Material provided
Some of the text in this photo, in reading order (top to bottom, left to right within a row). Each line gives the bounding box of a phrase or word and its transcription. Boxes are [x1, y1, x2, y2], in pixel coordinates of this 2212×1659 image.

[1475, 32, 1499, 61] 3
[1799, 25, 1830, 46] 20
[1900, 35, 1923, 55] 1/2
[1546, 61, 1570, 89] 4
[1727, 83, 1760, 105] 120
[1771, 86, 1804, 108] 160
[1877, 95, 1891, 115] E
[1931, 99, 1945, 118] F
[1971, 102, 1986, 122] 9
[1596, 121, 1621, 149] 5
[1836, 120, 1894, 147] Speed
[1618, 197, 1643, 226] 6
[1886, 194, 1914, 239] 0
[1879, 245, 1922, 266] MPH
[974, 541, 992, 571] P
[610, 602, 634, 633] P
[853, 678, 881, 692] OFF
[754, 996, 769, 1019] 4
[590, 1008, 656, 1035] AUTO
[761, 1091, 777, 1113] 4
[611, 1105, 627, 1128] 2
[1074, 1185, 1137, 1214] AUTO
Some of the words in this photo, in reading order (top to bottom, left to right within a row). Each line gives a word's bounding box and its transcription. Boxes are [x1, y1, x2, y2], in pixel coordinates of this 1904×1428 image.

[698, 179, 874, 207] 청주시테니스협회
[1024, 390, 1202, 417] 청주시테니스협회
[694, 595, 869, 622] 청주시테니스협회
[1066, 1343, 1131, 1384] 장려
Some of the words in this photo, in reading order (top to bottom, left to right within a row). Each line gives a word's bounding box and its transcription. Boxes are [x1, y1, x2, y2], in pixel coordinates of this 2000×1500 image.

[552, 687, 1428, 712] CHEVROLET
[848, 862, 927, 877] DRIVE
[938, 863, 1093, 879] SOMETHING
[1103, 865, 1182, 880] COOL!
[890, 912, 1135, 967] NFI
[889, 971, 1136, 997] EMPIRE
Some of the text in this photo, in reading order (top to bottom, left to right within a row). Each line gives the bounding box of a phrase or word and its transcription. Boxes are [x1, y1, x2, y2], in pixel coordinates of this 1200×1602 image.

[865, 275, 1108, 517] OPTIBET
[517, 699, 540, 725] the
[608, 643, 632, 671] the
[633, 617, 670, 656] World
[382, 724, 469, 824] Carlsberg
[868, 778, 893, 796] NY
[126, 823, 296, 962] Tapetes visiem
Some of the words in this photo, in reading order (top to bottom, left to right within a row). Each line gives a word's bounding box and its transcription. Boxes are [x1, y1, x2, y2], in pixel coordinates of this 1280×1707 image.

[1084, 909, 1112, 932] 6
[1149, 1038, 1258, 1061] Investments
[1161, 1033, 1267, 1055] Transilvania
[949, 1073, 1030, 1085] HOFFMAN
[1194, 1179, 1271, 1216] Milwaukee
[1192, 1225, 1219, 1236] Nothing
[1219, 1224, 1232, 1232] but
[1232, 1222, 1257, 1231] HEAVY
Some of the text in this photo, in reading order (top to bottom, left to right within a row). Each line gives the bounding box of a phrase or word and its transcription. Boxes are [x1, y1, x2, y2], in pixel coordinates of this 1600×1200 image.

Work instructions
All entries given above are to be printed again exactly.

Result
Some of the text in this photo, in reading order (top to bottom, left to right within a row). Each line gives the bounding box of a phrase or word and its transcription. Boxes are [x1, y1, x2, y2], in pixel coordinates of this 2212×1659 image.

[1475, 32, 1499, 61] 3
[1799, 25, 1830, 46] 20
[1900, 35, 1923, 55] 1/2
[1546, 61, 1570, 89] 4
[1727, 83, 1760, 105] 120
[1771, 86, 1804, 108] 160
[1877, 95, 1891, 115] E
[1931, 99, 1945, 118] F
[1971, 102, 1986, 122] 9
[1596, 121, 1621, 149] 5
[1836, 120, 1894, 147] Speed
[1618, 197, 1643, 226] 6
[1886, 194, 1914, 239] 0
[1879, 245, 1922, 266] MPH
[974, 541, 992, 571] P
[610, 602, 634, 633] P
[853, 678, 881, 692] OFF
[754, 996, 769, 1019] 4
[590, 1008, 656, 1035] AUTO
[761, 1091, 777, 1113] 4
[611, 1105, 627, 1128] 2
[1074, 1185, 1137, 1214] AUTO
Some of the words in this photo, in reading order (top to bottom, left to right within a row). Each line gives a word's bounding box and its transcription. Boxes are [x1, y1, x2, y2], in pixel coordinates of this 1904×1428 image.

[698, 179, 874, 207] 청주시테니스협회
[1024, 390, 1202, 417] 청주시테니스협회
[694, 595, 869, 622] 청주시테니스협회
[1066, 1343, 1131, 1384] 장려
Some of the words in this photo, in reading order (top to bottom, left to right within a row). Each line gives a word's bounding box and its transcription. Boxes are [x1, y1, x2, y2], in pixel coordinates of this 2000×1500 image.

[552, 687, 1428, 712] CHEVROLET
[848, 862, 927, 877] DRIVE
[938, 863, 1093, 879] SOMETHING
[1103, 865, 1182, 880] COOL!
[890, 912, 1135, 967] NFI
[889, 971, 1136, 997] EMPIRE
Some of the text in this photo, in reading order (top to bottom, left to right within a row). Each line gives the bounding box of a phrase or word and its transcription. Boxes are [x1, y1, x2, y2], in pixel coordinates of this 1200×1602 image.

[865, 275, 1108, 517] OPTIBET
[517, 699, 540, 725] the
[608, 643, 632, 671] the
[633, 617, 670, 656] World
[382, 724, 469, 824] Carlsberg
[868, 778, 893, 796] NY
[126, 823, 296, 962] Tapetes visiem
Some of the words in this photo, in reading order (top to bottom, left to right within a row). Each line gives a word's bounding box and its transcription. Boxes are [x1, y1, x2, y2], in pixel coordinates of this 1280×1707 image.

[1084, 909, 1112, 932] 6
[1149, 1038, 1258, 1061] Investments
[1161, 1033, 1267, 1055] Transilvania
[949, 1073, 1030, 1085] HOFFMAN
[1194, 1179, 1271, 1216] Milwaukee
[1192, 1225, 1219, 1236] Nothing
[1219, 1224, 1232, 1232] but
[1232, 1222, 1257, 1231] HEAVY
Some of the text in this photo, in reading order (top to bottom, left to right within a row). Each line gives the bounding box of a phrase or word and its transcription. Boxes are [x1, y1, x2, y2], in pixel coordinates of this 1600×1200 image.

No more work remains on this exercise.